I think the thing that’s most troubling about the “evolving” fudge is it feels like someone is insulting your intelligence. This is clearly a move to back gay marriage as soon as enough Americans do the same. I’m actually fine with that. It’s positioning it as some sort of deep, internal struggle that rankles.

 Greg Sargent's two cents:

By declaring that his position is “evolving” on gay marriage, Obama put himself in a position that’s fundamentally untenable. He let the world know that he believes in full marriage equality, and that he will say so sooner or later. All this succeeded in doing is stoking impatience among gay advocates for him to go ahead and say what he really believe.

Dan Savage has been wrestling with the question. Yep, it's excruciating.

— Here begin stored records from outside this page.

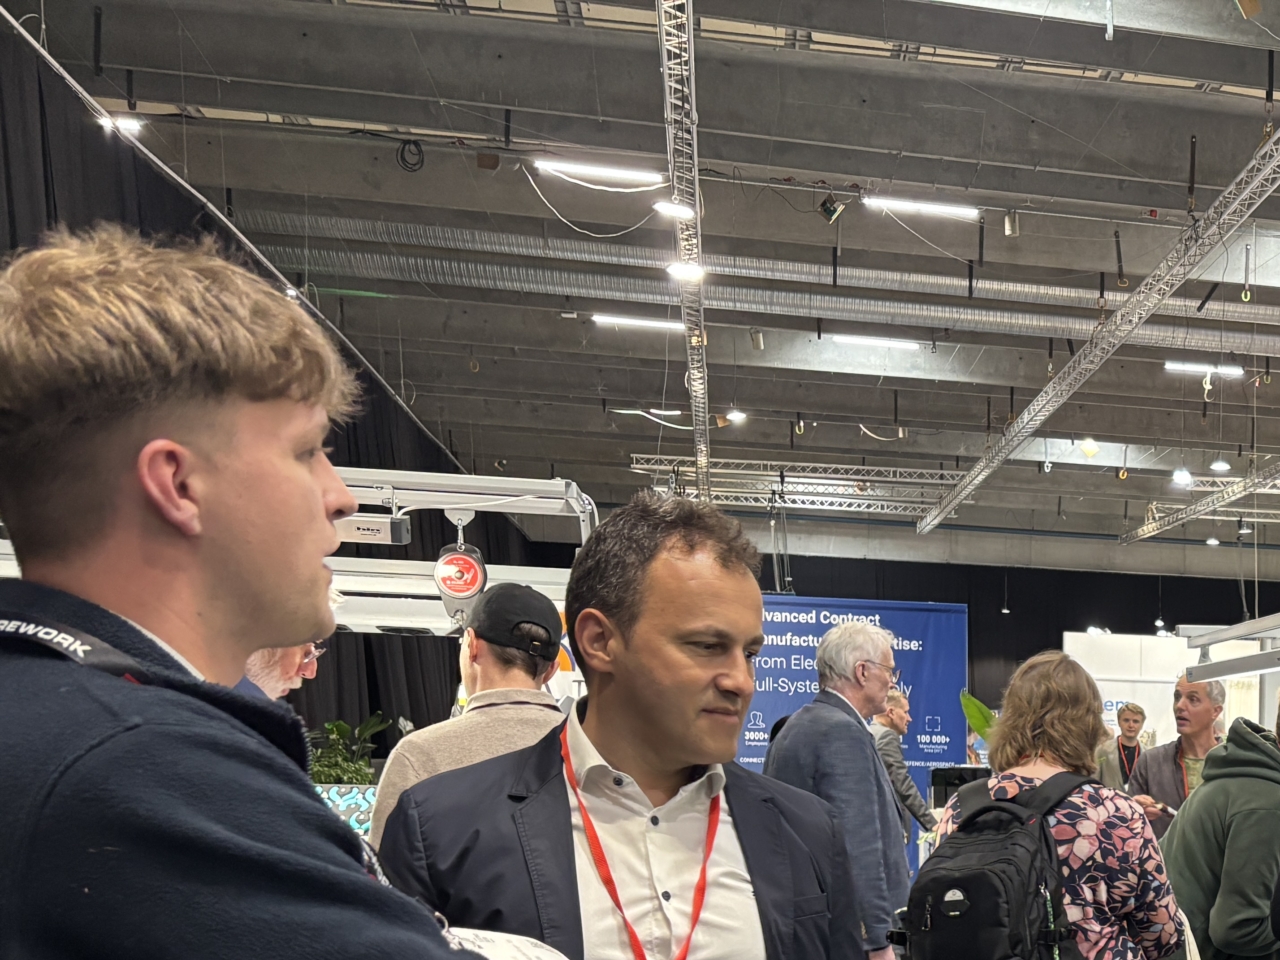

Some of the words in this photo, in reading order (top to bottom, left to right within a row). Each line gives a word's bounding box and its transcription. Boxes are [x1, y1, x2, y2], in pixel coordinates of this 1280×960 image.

[762, 609, 816, 624] vanced
[820, 611, 881, 626] Contract
[763, 631, 820, 647] anufactu
[892, 637, 923, 651] tise:
[754, 677, 820, 696] ull-Syste
[744, 731, 769, 740] 3000+
[916, 734, 931, 743] 100
[931, 734, 951, 744] 000+
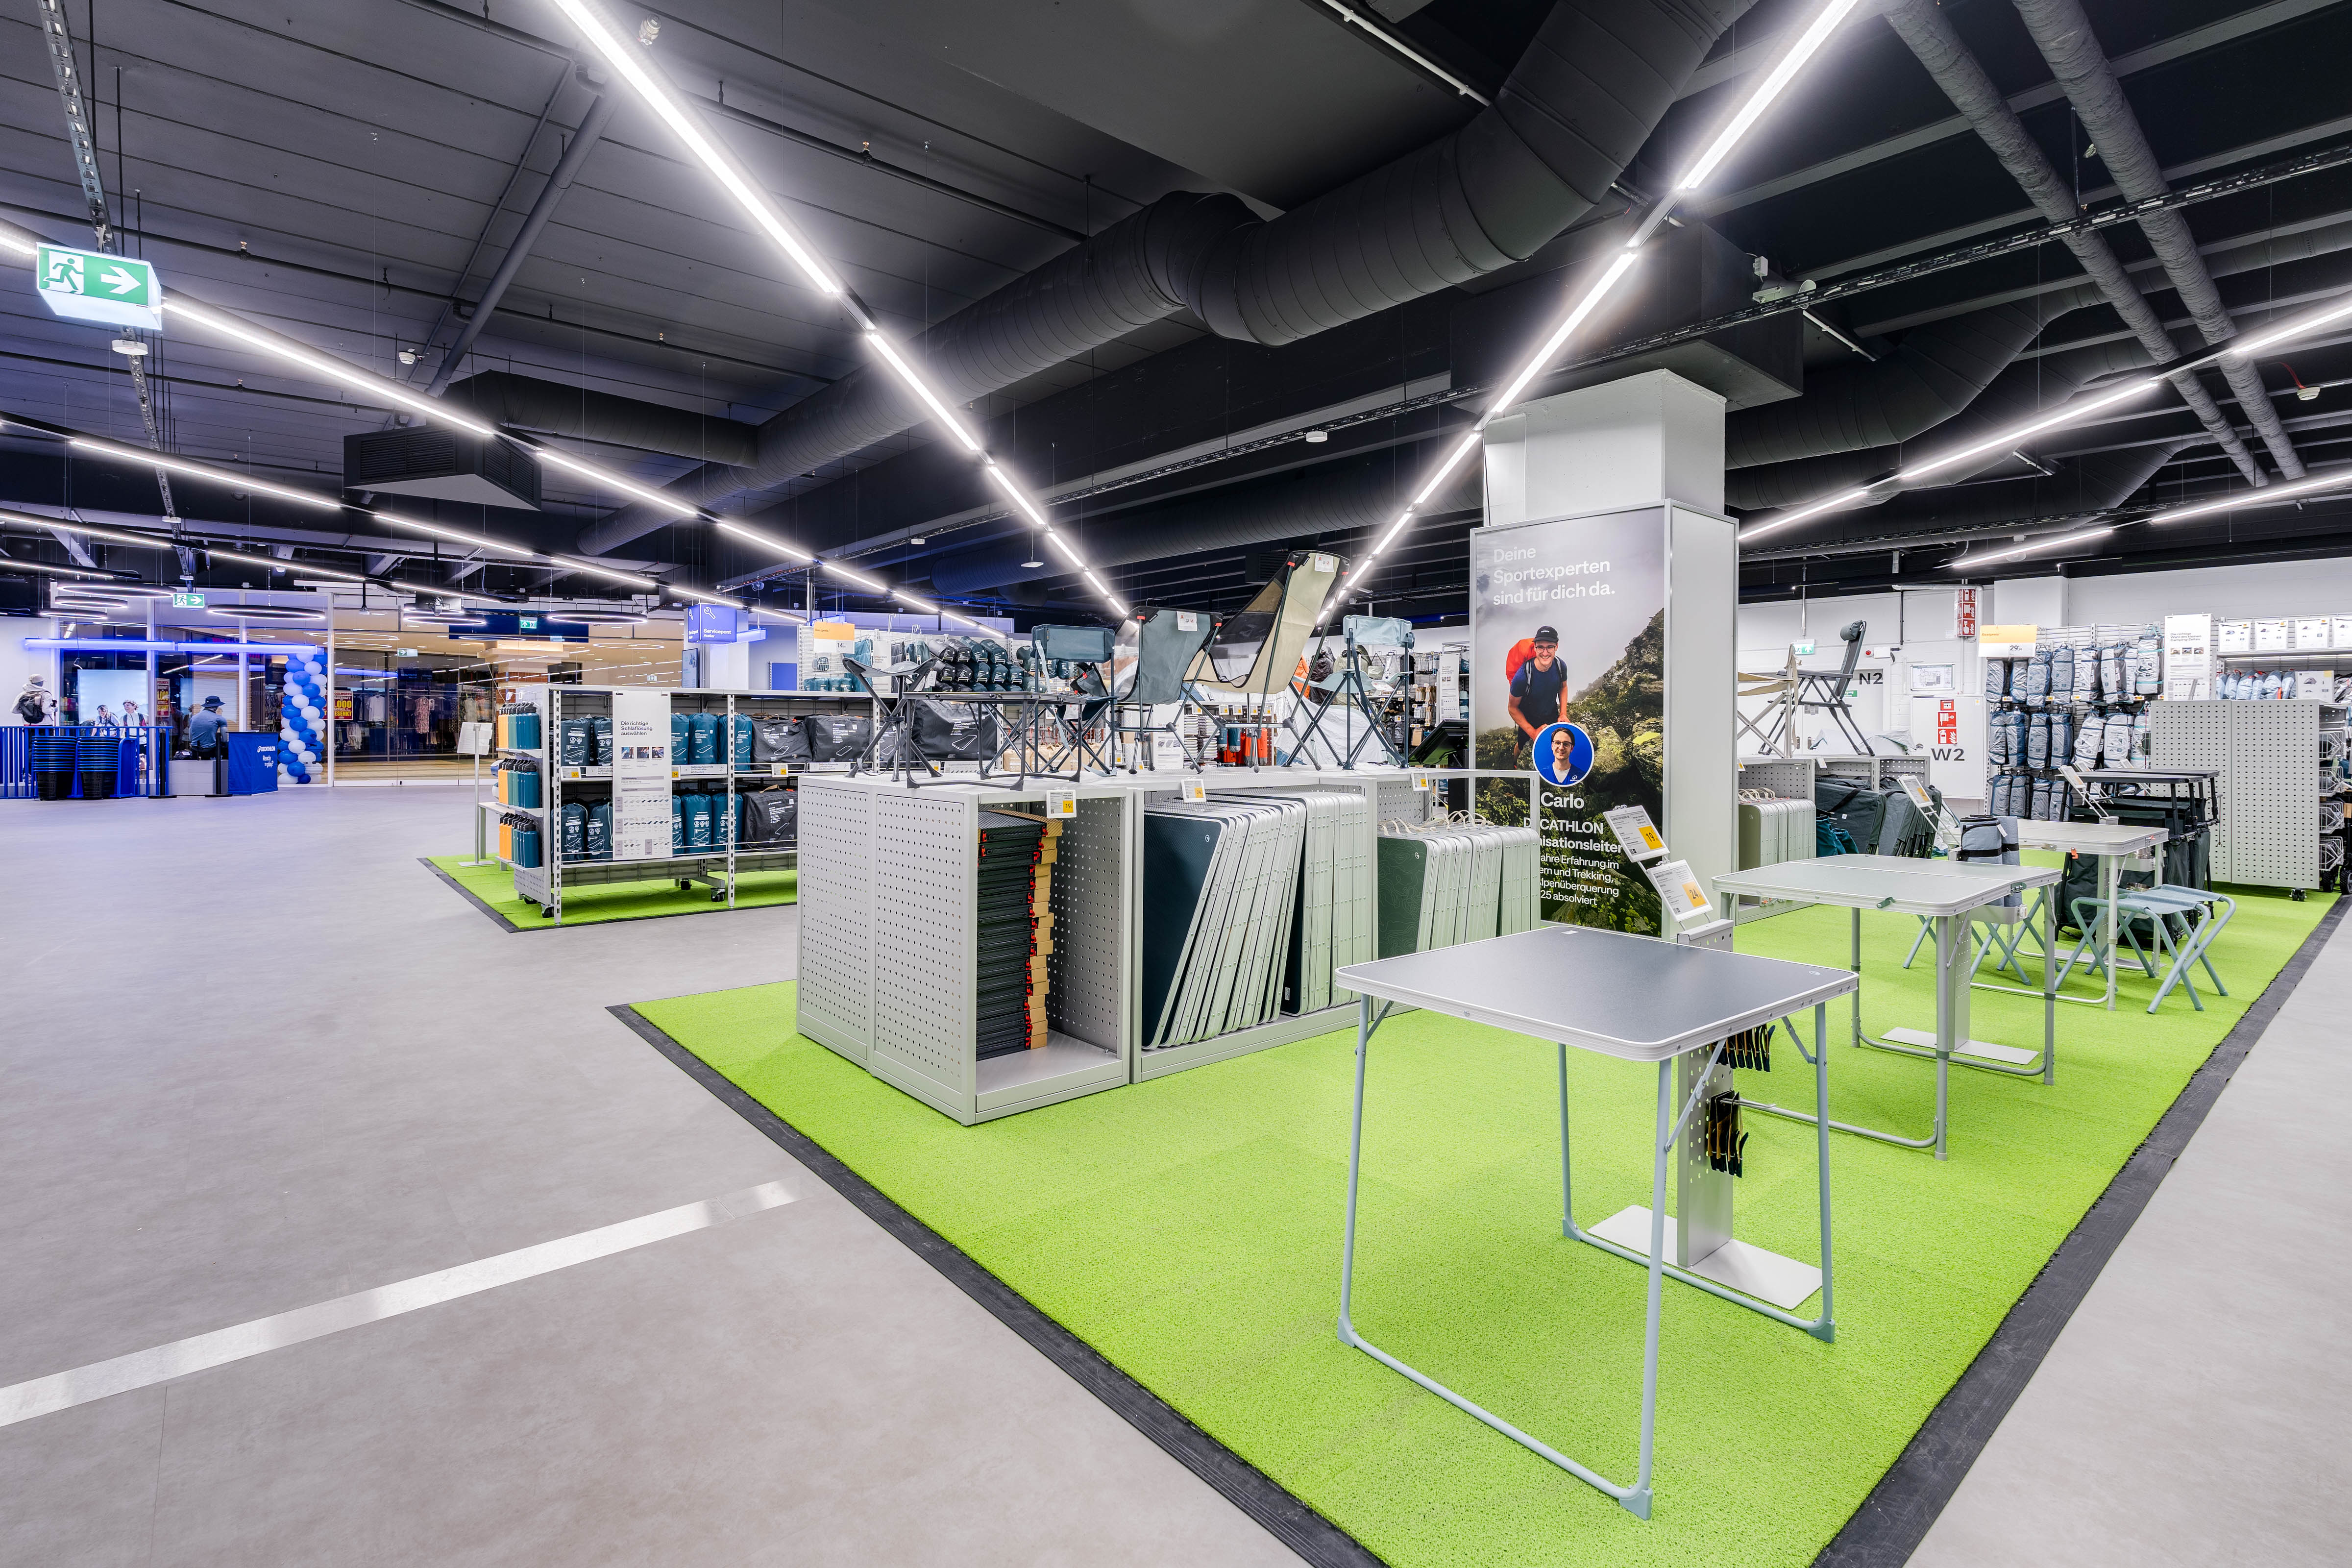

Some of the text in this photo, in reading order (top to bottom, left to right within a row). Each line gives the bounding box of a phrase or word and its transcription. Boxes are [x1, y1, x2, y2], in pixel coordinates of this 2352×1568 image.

But we should stop wanting the president to somehow legitimize a civil rights movement. It is we who will legitimize him.

These movements must come from below; they must be sustained and propelled by organic social forces; and, at this point, the New York State Senate is where the action is. In the future it will be in other state houses and courts and kitchen tables and PTA meetings. The presidency is pretty much irrelevant now, especially since the actual things a president can do, like help end the HIV ban, protect gay couples in federal employment, and end DADT, have been done. The federal government should have nothing to do with civil marriage in America. And in refusing to back DOMA in court, the Obama administration is actually proposing to take us back to that federalist position.

At the earliest stages of the campaign, I snuck into a fundraiser for Obama that was OTR. I wanted to see the man up-close, to do a gut-check on his character, the way he interacted with people. It just so happens the mother of a gay son asked him a marriage question. He kept to his "equality apart from the name" position, and I believed him. He may simply be cautious about taking a clear leadership position on something that still divides the over-40s and deeply divides the over-60s.

But when we have done our job – the education, the debate, the grass roots work, the intellectual framework – he will not stand in our way. He is to the gay rights movement where JFK was with the civil rights movement: waiting to be dragged to endorse us with the clarity we deserve.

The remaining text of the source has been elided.